Advantages & Disadvantages

ProsCons
Minimal paperworkYou must already have a VA-backed loan
Low interest ratesNo Cash-Out allowed
No private mortgage insurance (PMI)A 0.5% funding fee is applied
Often no appraisalsYour loan essentially resets (if you go up to 30 years)
Can refinance with little or no equitySome lenders impose credit or appraisal requirements
You may roll closing costs into the mortgage

Important FAQs & Caveats

  • How long must I wait before using IRRRL? The VA requires at least 210 days (7 months) from the closing of your current loan. Some lenders may impose longer waiting periods (e.g. 12 months).
  • How many times can I use it? There’s no hard cap — you can use the IRRRL repeatedly — but each use must offer a net tangible benefit and observe the waiting period.
  • Can I switch to a different loan structure (e.g. ARM to fixed)? Yes — you’re allowed to refinance into a fixed-rate mortgage even if your current loan is adjustable, even if the new rate is higher, provided it meets VA rules.
  • Can I add a spouse or remove one? The borrower(s) on the original loan must generally remain the same on the new loan, but some exceptions exist (e.g. divorce, death of a veteran).
  • Is a credit check or appraisal ever required? While the VA does not require them, lenders may.
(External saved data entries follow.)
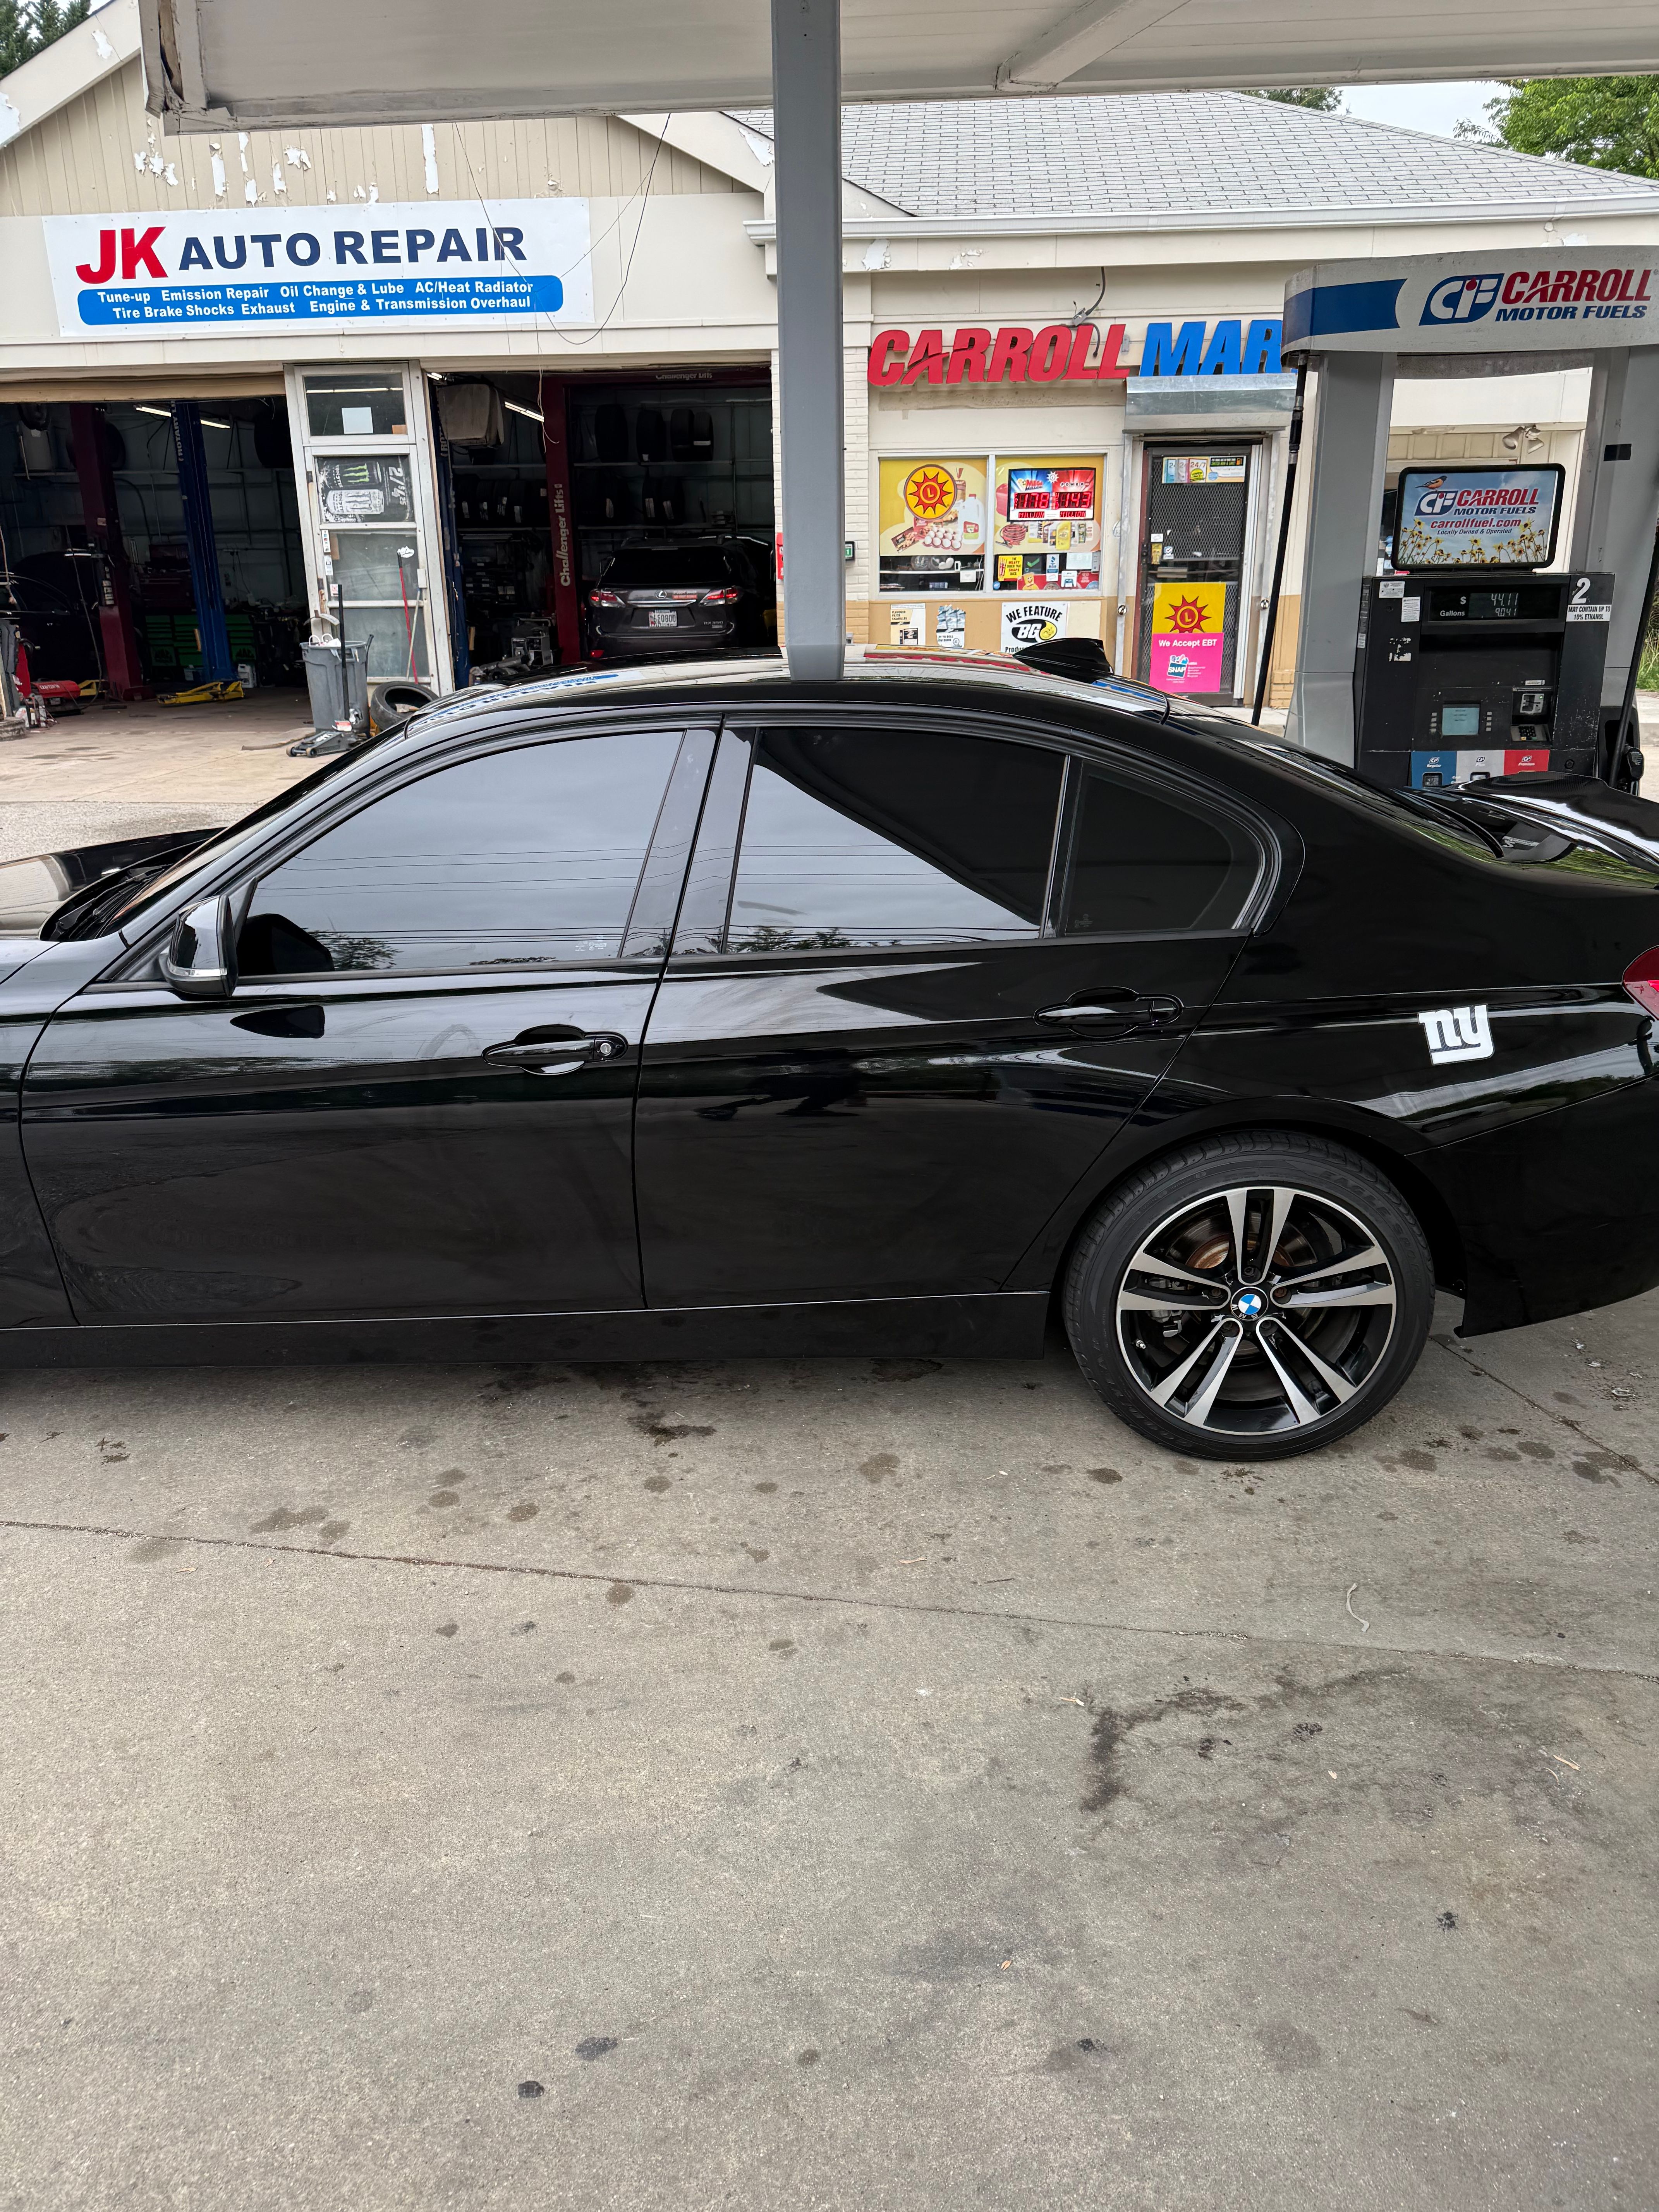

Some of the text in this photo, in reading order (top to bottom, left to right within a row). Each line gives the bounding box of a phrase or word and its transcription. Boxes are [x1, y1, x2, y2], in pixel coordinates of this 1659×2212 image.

[76, 226, 527, 284] JK AUTO REPAIR
[97, 280, 533, 304] Tune-up Emission Repair Oil Change & Lube AC/Heat Radiator
[1501, 268, 1653, 304] CARROLL
[112, 296, 531, 319] Tire Brake Shocks Exhaust Engine & Transmission Overhaul
[1495, 305, 1647, 322] MOTOR FUELS
[867, 319, 1283, 386] CARROLL MAR
[1024, 493, 1049, 508] 178
[1065, 492, 1092, 508] 143
[1456, 488, 1539, 507] CARROLL
[1454, 506, 1537, 516] MOTOR FUELS
[1431, 517, 1522, 529] carrollfuel.com
[1486, 527, 1512, 535] Operated
[553, 489, 571, 587] Challenger Lifts
[1571, 578, 1590, 604] 2
[1460, 596, 1467, 605] $
[1006, 606, 1063, 623] WE FEATURE
[1014, 623, 1042, 640] BG
[1172, 639, 1200, 648] Accept
[1231, 1304, 1258, 1319] BMW
Always ask your lender whether they’ll require credit screening or appraisal before signing.
  • Can I finance discount points? Yes — up to two discount points may be financed into the mortgage (additional ones must be paid in cash).

Is a VA Streamline Refinance Worth It?

For veterans with existing VA loans, the IRRRL is often the most compelling refinance option. Because of its streamlined design, low documentation requirements, and the ability to roll closing costs into the loan, it presents a low-hassle way to:

  • Reduce your interest rate
  • Lower your monthly payments
  • Potentially save thousands in interest over time

The catch: the new mortgage will reset your amortization schedule, so unless you refinance early in your homeownership timeline, the interest savings may take longer to recoup.

But if your current rate is noticeably higher than today’s market, or if you’re moving from an adjustable rate to a fixed rate, the IRRRL often makes sense, especially compared to other refinance options.